Ms Robyn Furber graduated top of her Speech-Language Therapy class and also received a Susan M Swart Award for her academics.
‘I’m really happy that all the hard work paid off and am very proud to be graduating with some brilliant speech-language therapists who I know will do great things in the future,’ said Furber.
Furber, who has suffered from Myalgic Encephalomyelitis/Chronic Fatigue Syndrome (ME/CFS) since she was 13 years old, is grateful to her family who she says supported her throughout her studies and hopes her achievement has made them proud.
ME/CFS causes extreme fatigue and flu-like symptoms for months and years at a time.
This achievement means so much to Furber, not only because it marks a successful end to the long journey of her degree but because there have been times in her life when she thought she would never be able to lead a normal life.

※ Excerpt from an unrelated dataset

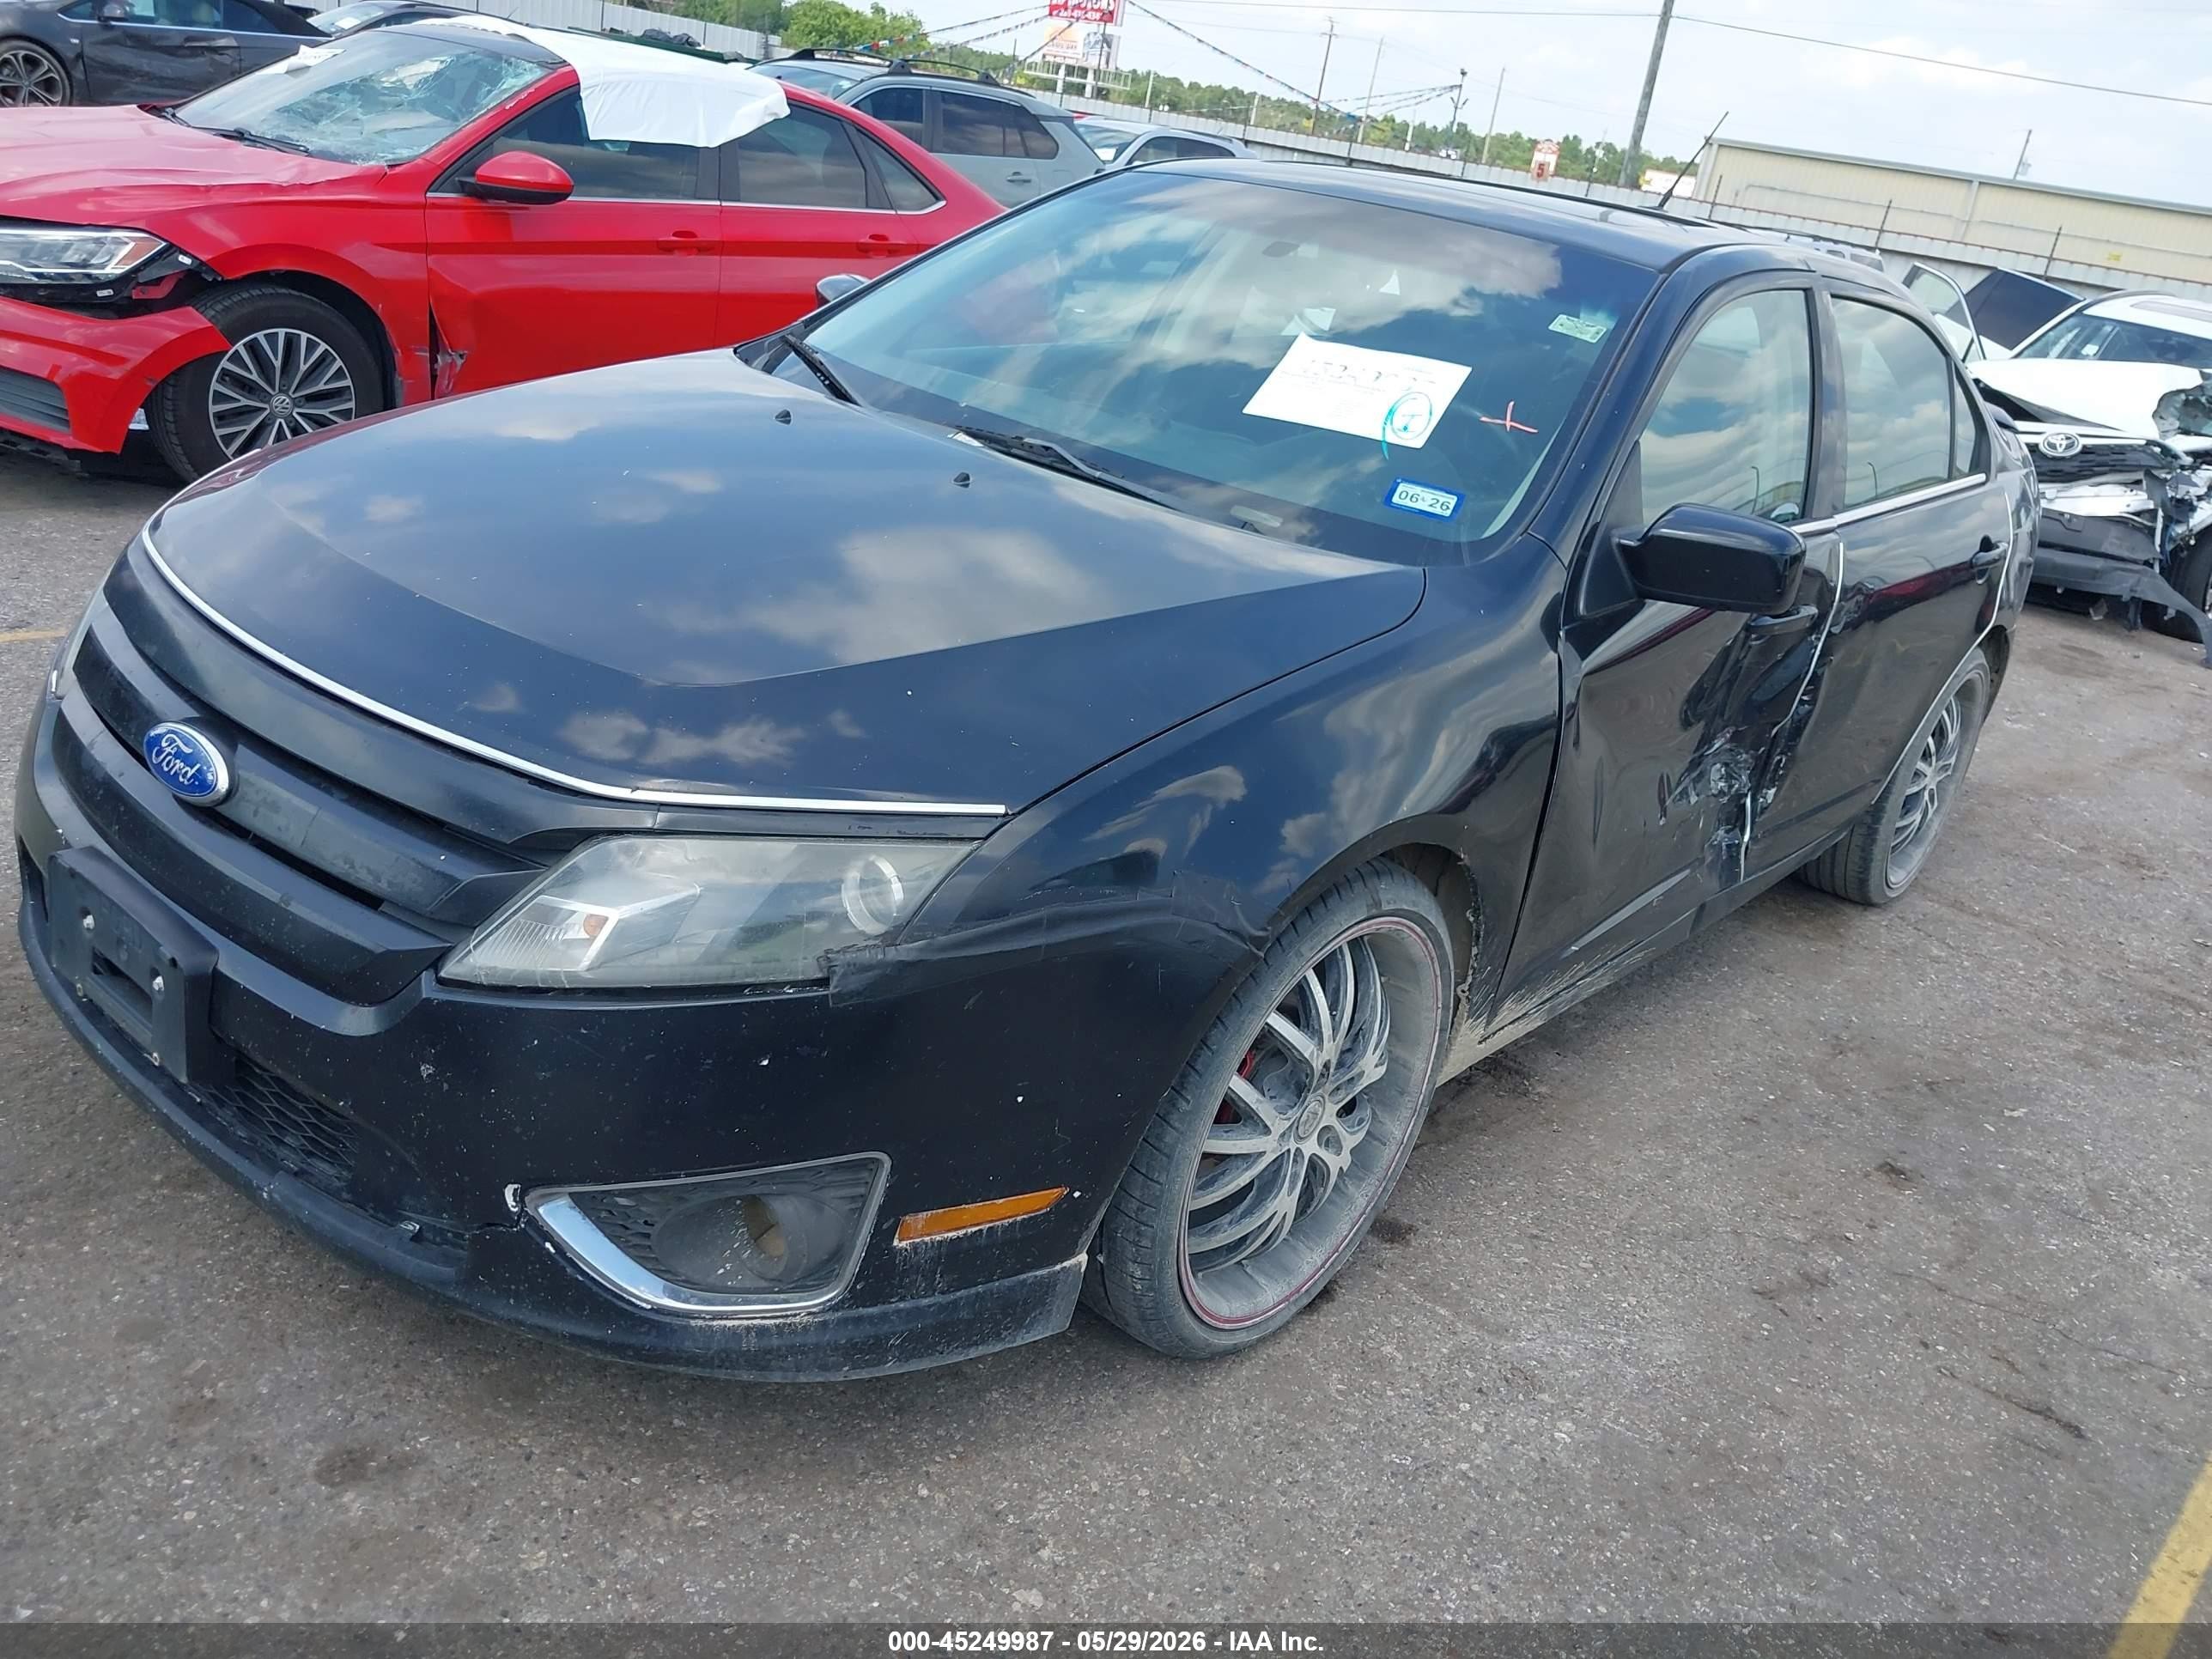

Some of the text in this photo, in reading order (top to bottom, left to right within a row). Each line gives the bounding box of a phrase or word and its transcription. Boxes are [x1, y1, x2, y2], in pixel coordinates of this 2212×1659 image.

‘Being sick forced me to sacrifice a lot of the hopes I had for high school and adolescence,’ said Furber. ‘UKZN allowed me to complete my degree over an extended period to allow for my different abilities. As a result, I was able to achieve more than I had allowed myself to hope for. That in itself means everything to me.’
She completed Grades 8 to 11 at Danville Park Girls’ High School in Durban but when she became too ill to keep up with regular school schedules, she spent two years completing matric at St Barnabas Independent School.
Her future plans include working with special populations and children from birth to three, especially in the public sector where there is a big need and a lot to learn. ‘Above and beyond everything though, I want to live a useful life,’ said Furber.
Finding joy in small things, learning to be grateful and to look for wisdom in every experience keeps Furber going.
‘She advised those who were still studying to look inward. ‘Find out what kind of person and professional you want to be, then try to look for areas that need work. Don’t aim for numbers or pass/fail criteria. Look for skills, look for the applications that follow each theoretical principle you’re taught. Work to the best of your ability. Look to others for inspiration, but do not aim for their marks. Aim for qualities, attitudes, approaches to learning and never equate your marks with your personal worth.’